From this experience, if you are going into the sand dunes or do offroading, I strong recommend FULL protection. Simple DIY kit would definitely save you a lot money on cleaning or even replacing your gears.


----------



## Don Haines (Mar 10, 2019)

7DmkI said:


> Glad to report that my gear survive the Sahara Sand Storm!
> 
> First of all, I decided to switch to my light travel companion - my mighty M with 11-22mm. It worked out well with my DIY kit. When we were at the sand dunes, we were met by very strong wind and everything was sandblasted. The DIY kit served its purpose and no sand was found inside afterwards. Actually, I had to change battery in the dunes area; what I did was tear open a small hole enough to change battery quickly seal it up by tape.
> 
> ...



Glad your gear survived!

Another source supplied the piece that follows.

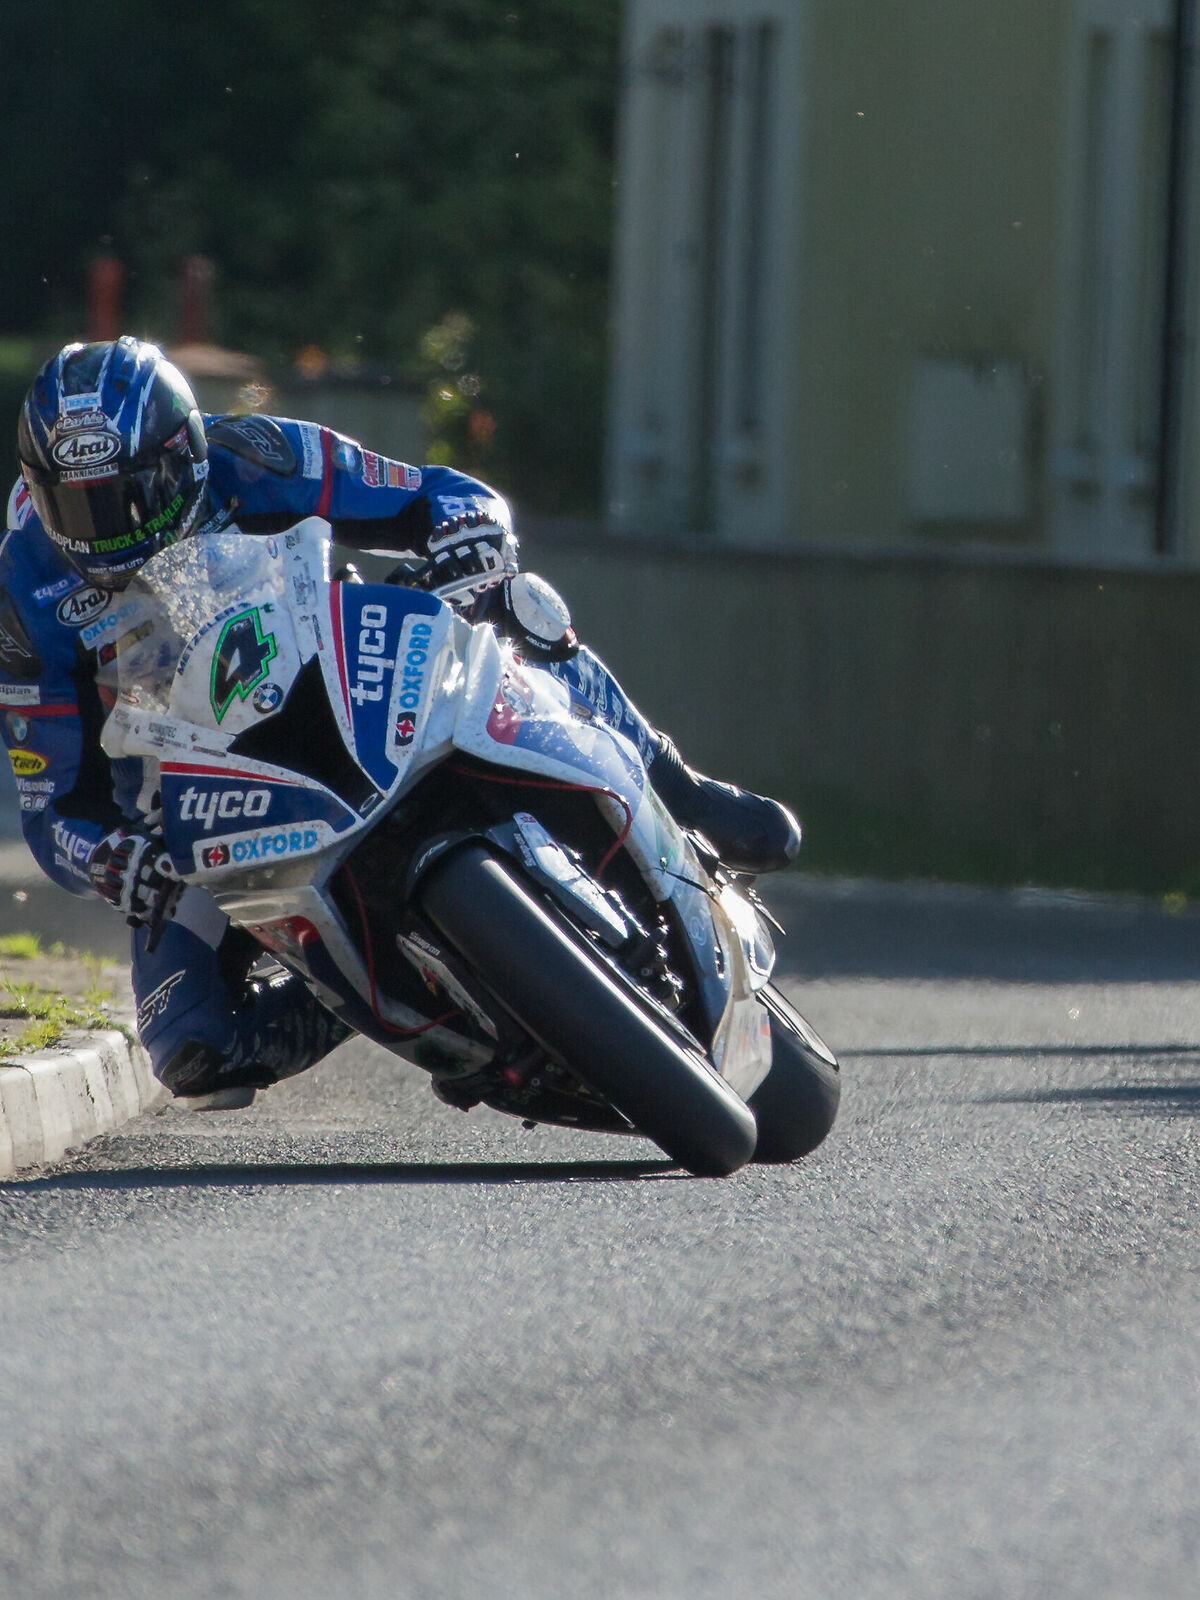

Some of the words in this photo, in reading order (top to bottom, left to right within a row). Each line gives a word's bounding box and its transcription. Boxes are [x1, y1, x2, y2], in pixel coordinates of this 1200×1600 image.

Pictures? ? ?


----------



## 7DmkI (Mar 10, 2019)

Still traveling, here is a couple. are a few.


----------



## StoicalEtcher (Mar 11, 2019)

Glad you are having a good trip, and (hopefully) remaining sand and dust free.


----------



## 7DmkI (Mar 11, 2019)

StoicalEtcher said:


> Glad you are having a good trip, and (hopefully) remaining sand and dust free.



I think my mighty M is sand free but I can still feel my nose and ears with sand after 2 days.


----------



## mangtronix (Mar 13, 2019)

I used a similar solution in the Gobi desert in a really howling sand storm with a 6D and 24-70 F4 and had no problems. I used a basic rain cover gaff taped to the filter ring. The bottom was open so it was easy to use the controls. I figure it blocked >95% of the sand. Another tip is that a toothbrush is great for brushing sand out of the buttons.








More at https://www.flickr.com/photos/mangtronix/albums/72157685568842066/with/35491495881/


----------